[Items from a data source]
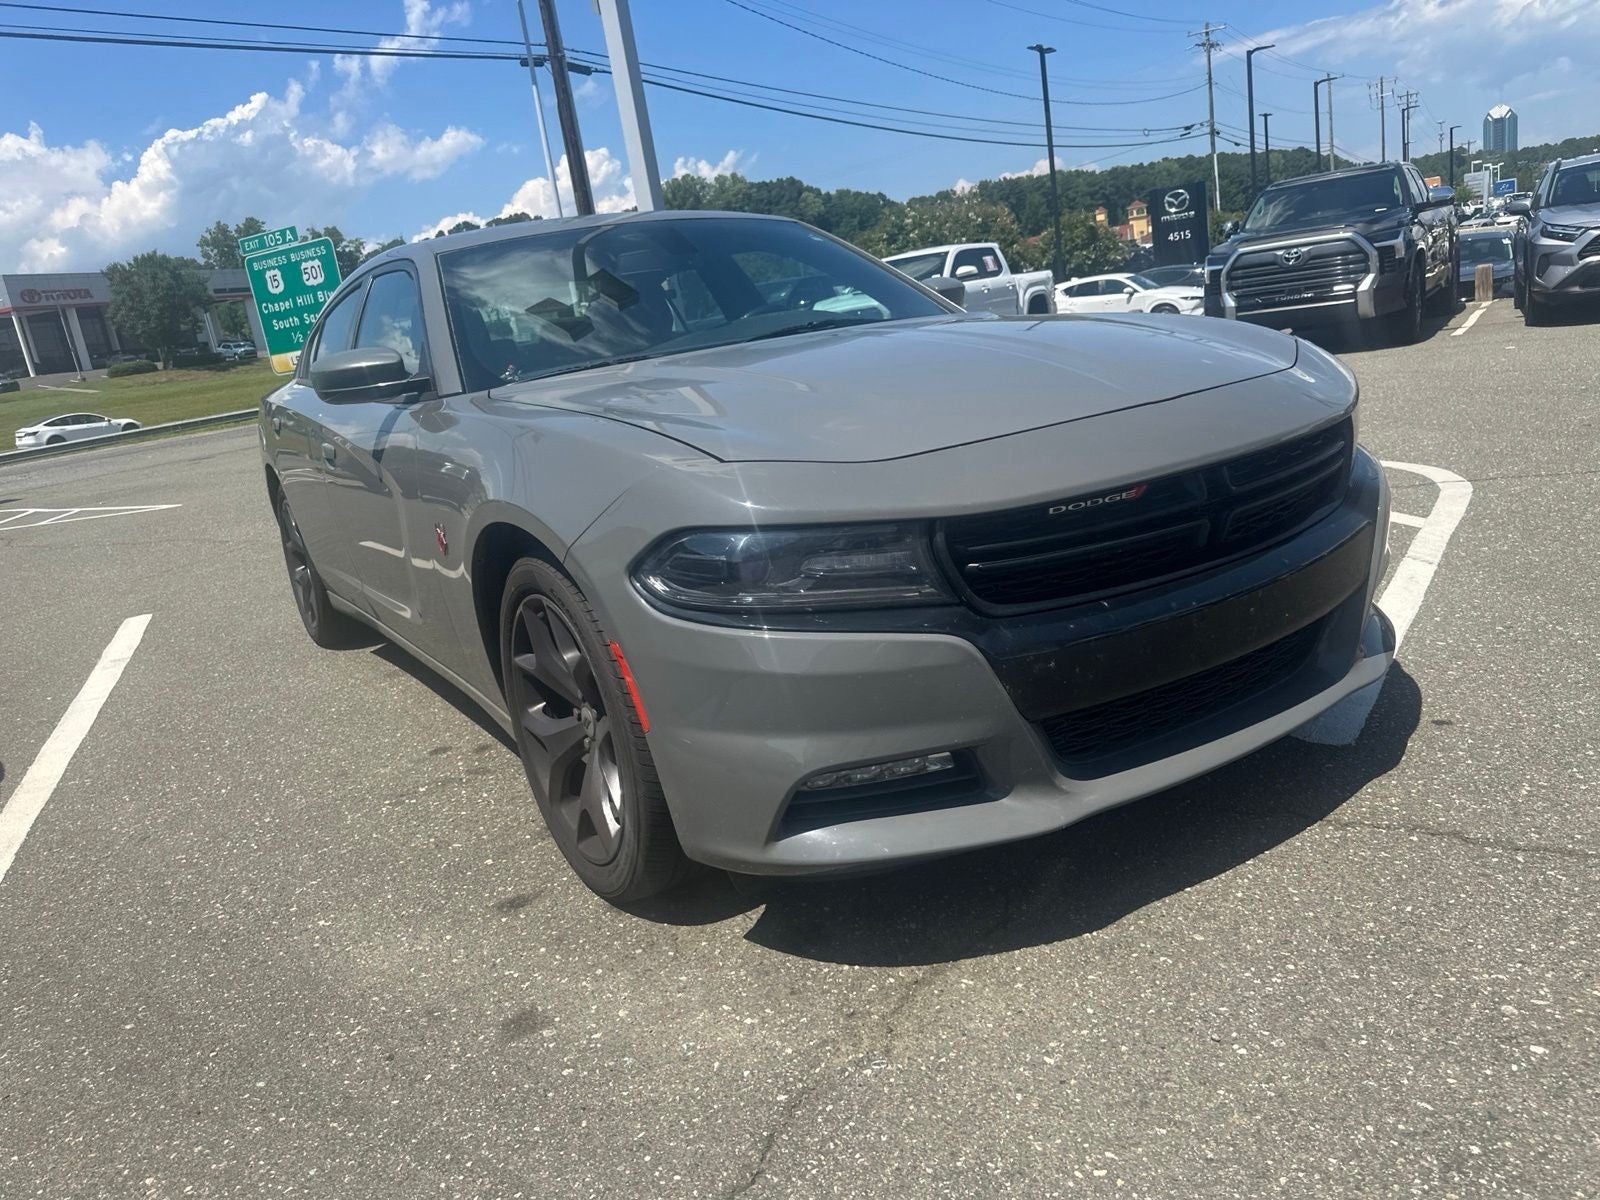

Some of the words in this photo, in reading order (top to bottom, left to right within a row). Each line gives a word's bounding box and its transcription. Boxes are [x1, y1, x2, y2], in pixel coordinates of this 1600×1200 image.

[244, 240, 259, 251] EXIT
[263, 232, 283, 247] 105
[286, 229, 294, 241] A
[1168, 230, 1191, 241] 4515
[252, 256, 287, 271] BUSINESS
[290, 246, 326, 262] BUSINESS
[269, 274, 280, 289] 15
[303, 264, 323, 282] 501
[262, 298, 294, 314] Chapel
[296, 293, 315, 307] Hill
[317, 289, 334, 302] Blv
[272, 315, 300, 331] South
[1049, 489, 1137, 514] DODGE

=== Task prompt ===
Reproduce every entry above exactly, and omit the pictures.

=== Answer to the problem ===
Some of the words in this photo, in reading order (top to bottom, left to right within a row). Each line gives a word's bounding box and its transcription. Boxes are [x1, y1, x2, y2], in pixel coordinates of this 1600×1200 image.

[244, 240, 259, 251] EXIT
[263, 232, 283, 247] 105
[286, 229, 294, 241] A
[1168, 230, 1191, 241] 4515
[252, 256, 287, 271] BUSINESS
[290, 246, 326, 262] BUSINESS
[269, 274, 280, 289] 15
[303, 264, 323, 282] 501
[262, 298, 294, 314] Chapel
[296, 293, 315, 307] Hill
[317, 289, 334, 302] Blv
[272, 315, 300, 331] South
[1049, 489, 1137, 514] DODGE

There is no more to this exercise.